А я на вопрос ее — тот самый вопрос, в ванной, действительно ответил совершенно искренне. Я не видел и не мог видеть в ней женщину. Она, во-первых, племянница моя, а во-вторых (см. выше) — ребенок почти еще. Впрочем, уже не ребенок, уже все-таки девушка.
И вот — увидел. И вот — испугался поздним испугом. Испугался и судьбу поблагодарил за то, что не теперь, а тогда было это, в ванной. Потому что теперь…
Увидев в Нине, дочери Тани, женщину, увидев ясно и почти мучительно — как открытие, — я в Насте увидел женщину, — и что мне теперь с этим делать? Она, конечно, не заметит никаких изменений, я спрячу от нее это новое зрение, но — как от себя спрятать, как себя убедить, что это ерунда, это временно, это пройдет? В силу той хотя бы логики, что: раньше ведь не было. Так больной рассуждает: если я был здоров в том же теле, которое осталось при мне, значит, болея сейчас, но оставаясь в своем теле, я опять буду здоров, ведь тело помнит здоровье, а память тела крепче памяти ума…
Кстати, о памяти. С каждым днем я все больше убеждаюсь, что она щадит меня — как, быть может, и большинство людей. Не помню, кто из поэтов или писателей сказал, что он ничего, ничего! — не забывает. Несчастный человек! — но как раз поэтому и Поэт.

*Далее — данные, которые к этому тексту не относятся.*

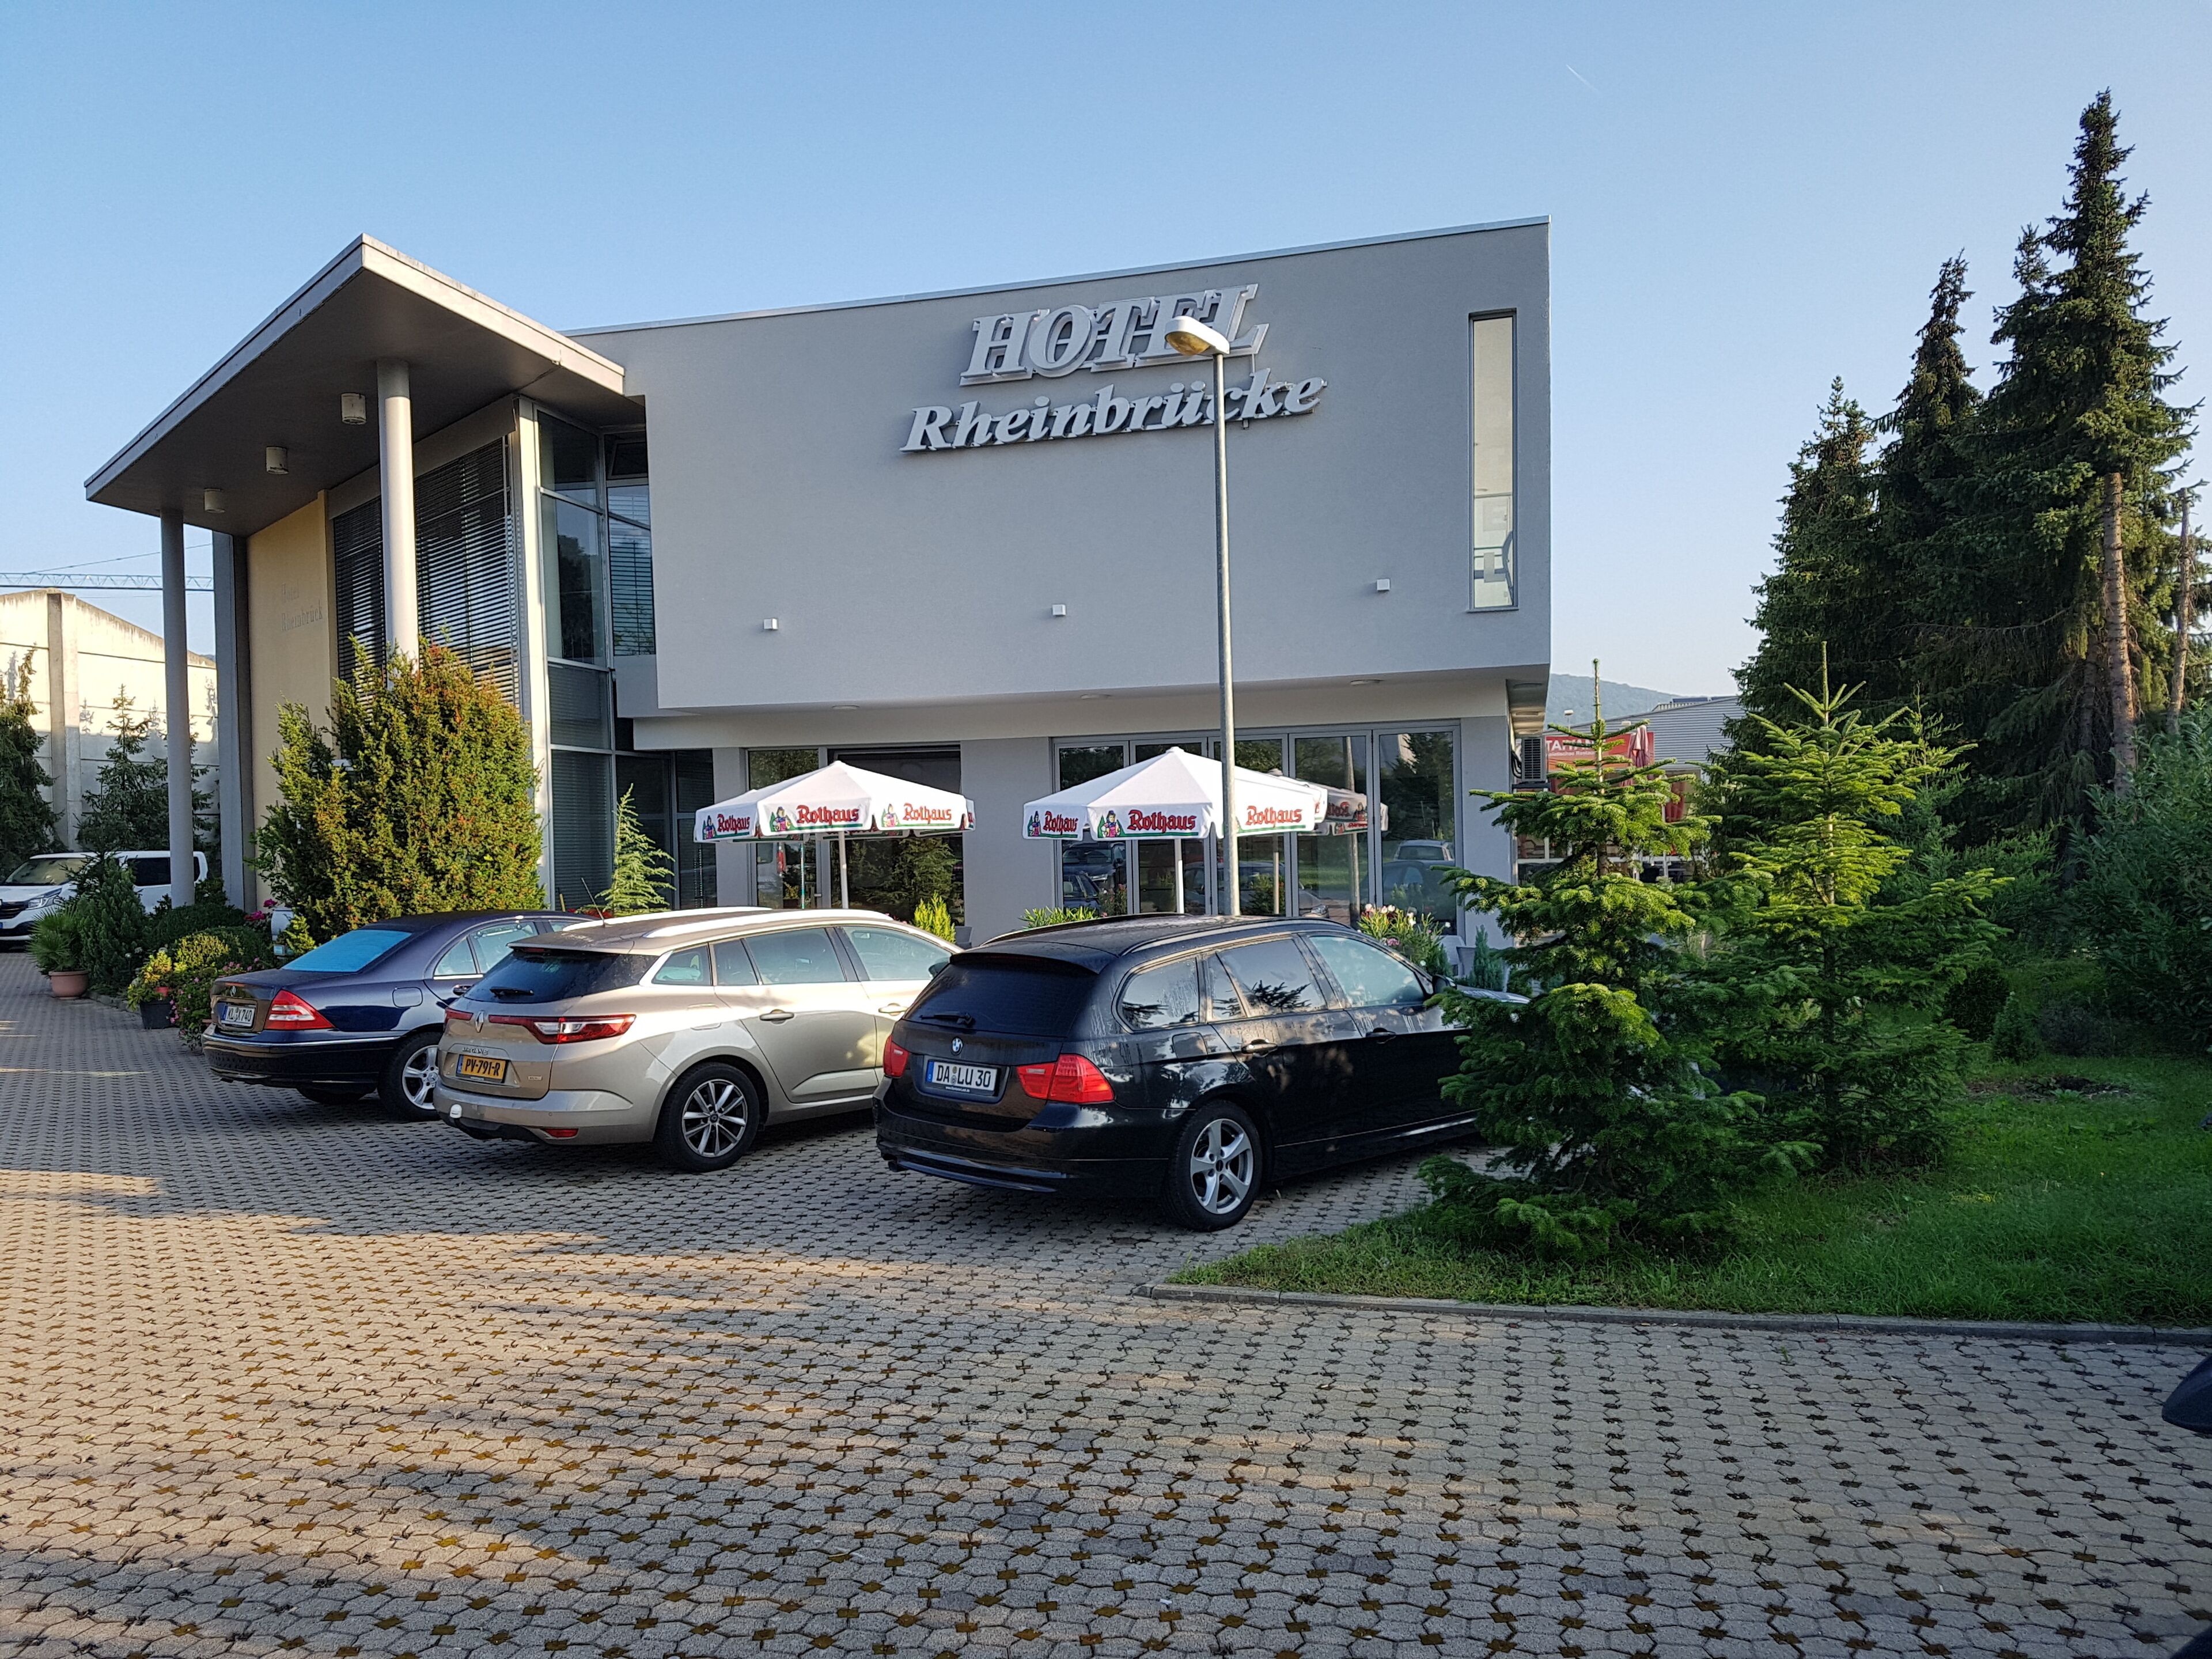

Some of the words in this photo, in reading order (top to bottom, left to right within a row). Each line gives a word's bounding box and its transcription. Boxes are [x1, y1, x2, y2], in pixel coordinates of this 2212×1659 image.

А я, оказывается, забываю легко, и энергия моей мысли, которой я всегда гордился, не есть ли трусливое движение вперед и только вперед, чтобы не было времени оглянуться? И есть там, в прошлом, что-то, десятилетиями не вспоминаемое и забытое, кажется, накрепко. Так накрепко, что, даже отвечая на вопрос, связанный с воспоминанием напрямую — не видишь этой прямой связи, поскольку воспоминание это молчит, подхихикивая — но так тихо, чтоб ты этого хихиканья не услышал.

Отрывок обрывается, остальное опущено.